Ege Üniversitesi’nde geçtiğimiz yıllarda yaşanan olaylardan sonra güvenlik önlemleri arttırılmış, üniversitenin giriş çıkışları tel örgülerle çevrilmiş, kapılara yüksek turnikeler konulmuş ve kampüs içerisinde çevik kuvvet ekipleri 24 saat nöbet tutacak şekilde uygulamalara başlanmıştı. Tüm bu uygulamalar gerek öğrenciler gerekse akademik ve idari kadrolar tarafından “Ege Üniversitesi dışarıdan bakıldığında adeta hapishane görüntüsüne büründü. Üniversite yarı açık cezaevine döndü” şeklinde yorumlanmıştı.
Şimdi ise Ege Üniversitesi’nin yeni atanan rektörü Prof. Dr. Necdet Budak’ın talebi üzerine Bornova İlçe Emniyet Müdürü Ramazan Çankaya, Ege Üniversitesi’ne emniyet müdürü olarak görevlendirildi. Türkiye’de ilk kez gerçekleşen bu uygulamaya kamuoyunda tepkiler sürüyor.

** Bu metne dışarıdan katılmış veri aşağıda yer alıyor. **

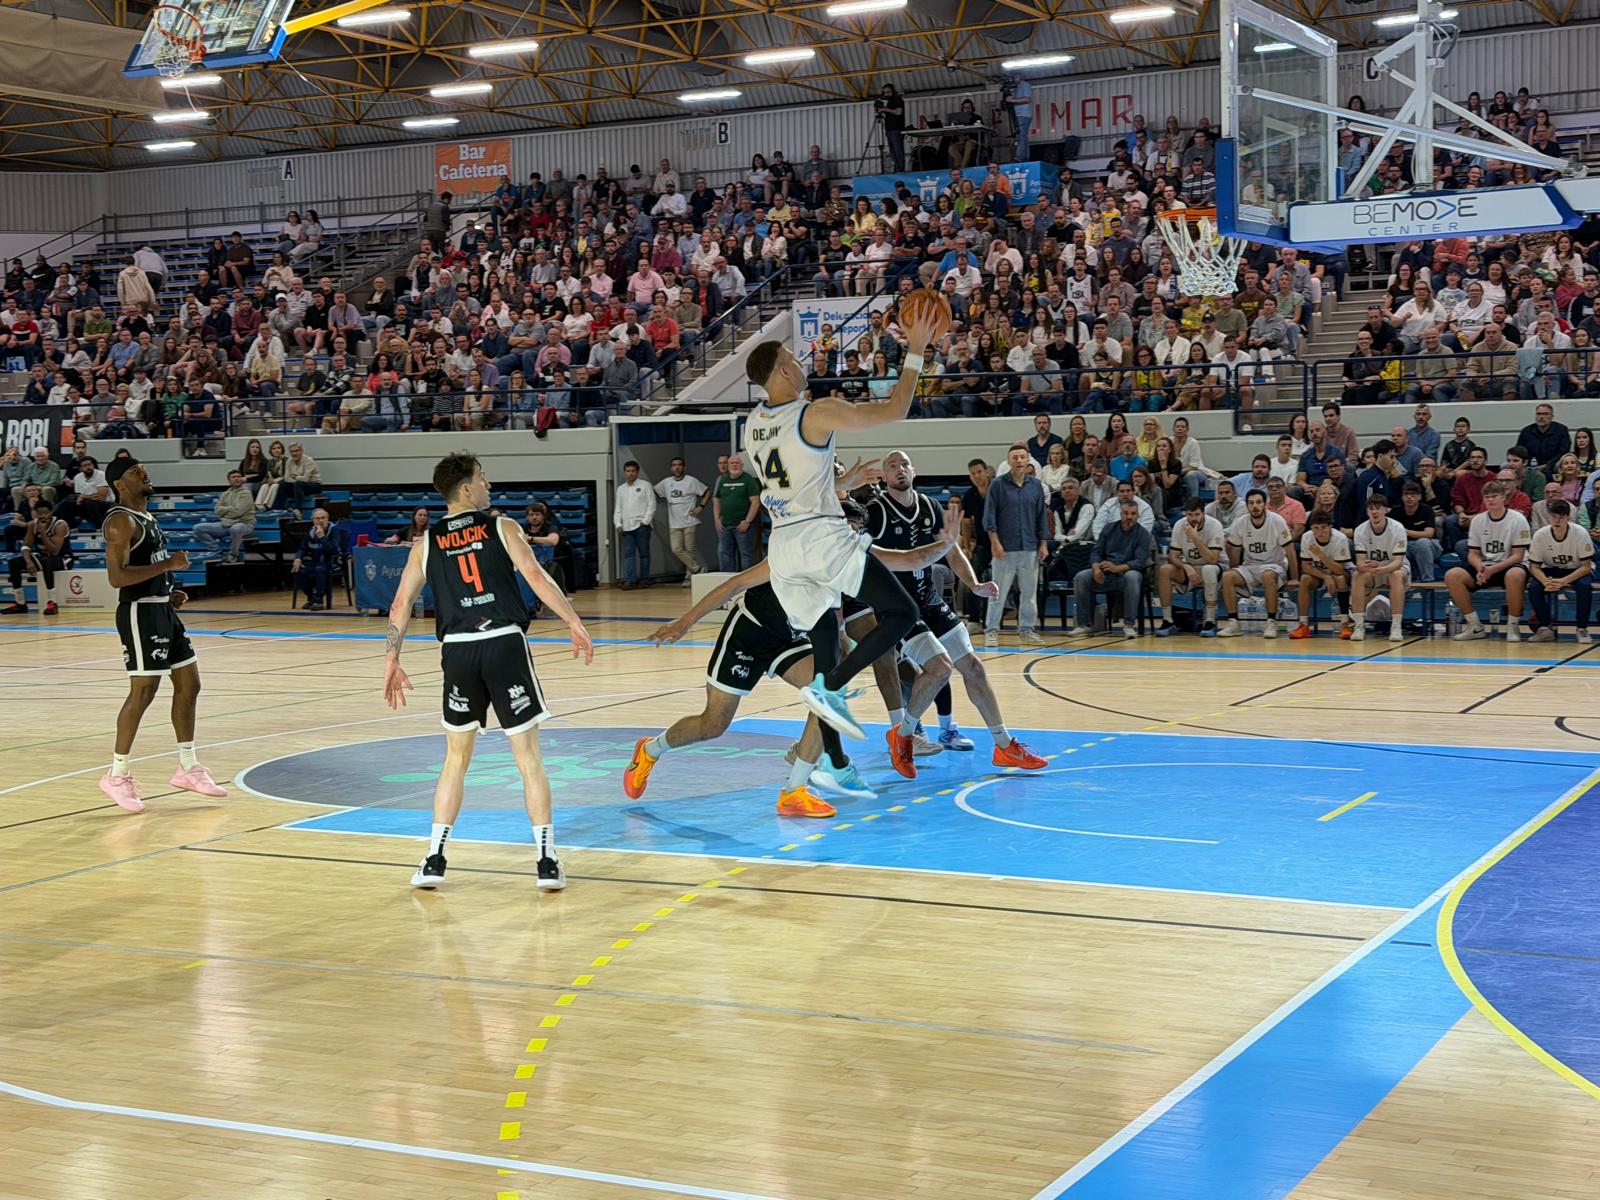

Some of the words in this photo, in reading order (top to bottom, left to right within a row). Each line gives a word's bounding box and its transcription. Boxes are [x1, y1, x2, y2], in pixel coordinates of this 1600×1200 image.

[1366, 57, 1379, 79] C
[718, 121, 729, 144] B
[458, 144, 487, 161] Bar
[283, 159, 294, 180] A
[438, 160, 508, 181] Cafetería
[1367, 221, 1459, 237] CENTER
[436, 524, 488, 550] WOJCIK
[1485, 539, 1506, 554] CBA
[1370, 549, 1390, 562] CBA
[457, 551, 484, 593] 4
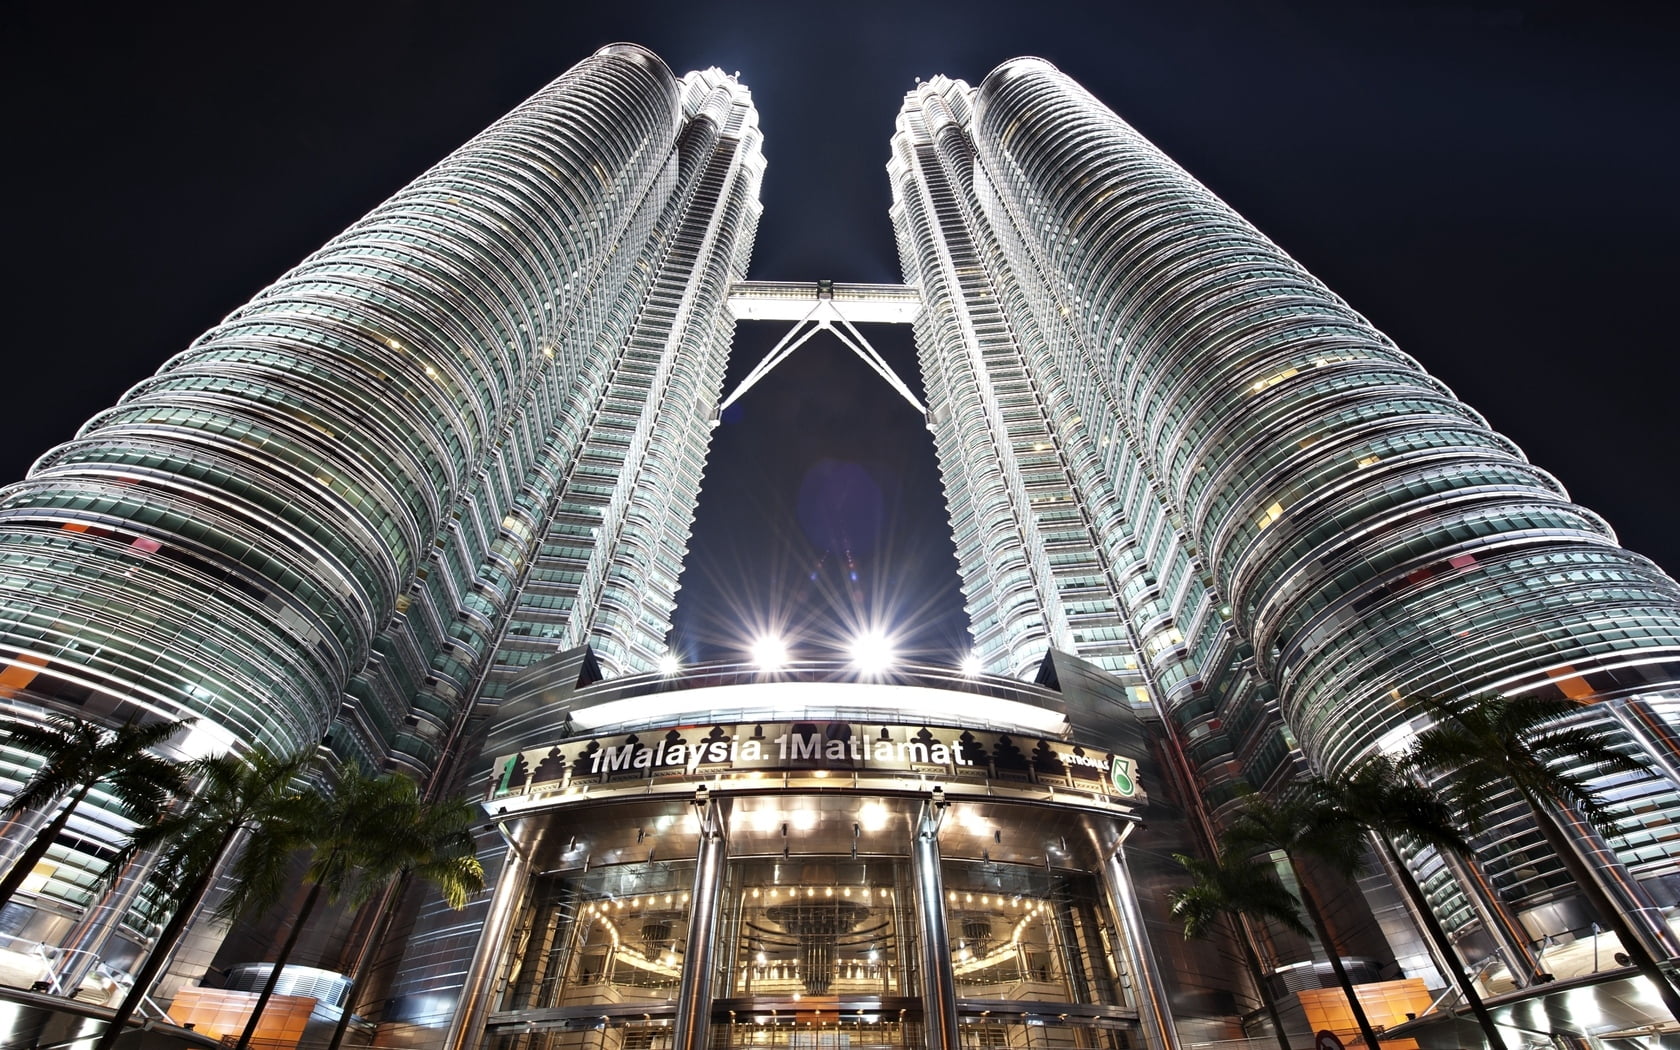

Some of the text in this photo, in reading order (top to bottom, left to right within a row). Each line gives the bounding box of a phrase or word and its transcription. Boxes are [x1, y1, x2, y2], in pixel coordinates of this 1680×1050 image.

[590, 733, 974, 774] 1Malaysia. 1Matlamat.
[1058, 752, 1110, 771] PETRONAS
[495, 754, 518, 795] 1

Cumhuriyet Halk Partisi İzmir Milletvekili Murat Bakan da konuyu TBMM gündemine taşıdı. Başbakan Binali Yıldırım tarafından yanıtlanması istemiyle yazılı soru önergesi veren CHP’li Bakan sordu: “Bilimsel özerkliği sağlayabilmek ve özgür düşünce ortamını yeniden inşa edebilmek için kolluk kuvvetlerinin üniversiteden çıkarılmasına yönelik bir çalışma yapacak mısınız'”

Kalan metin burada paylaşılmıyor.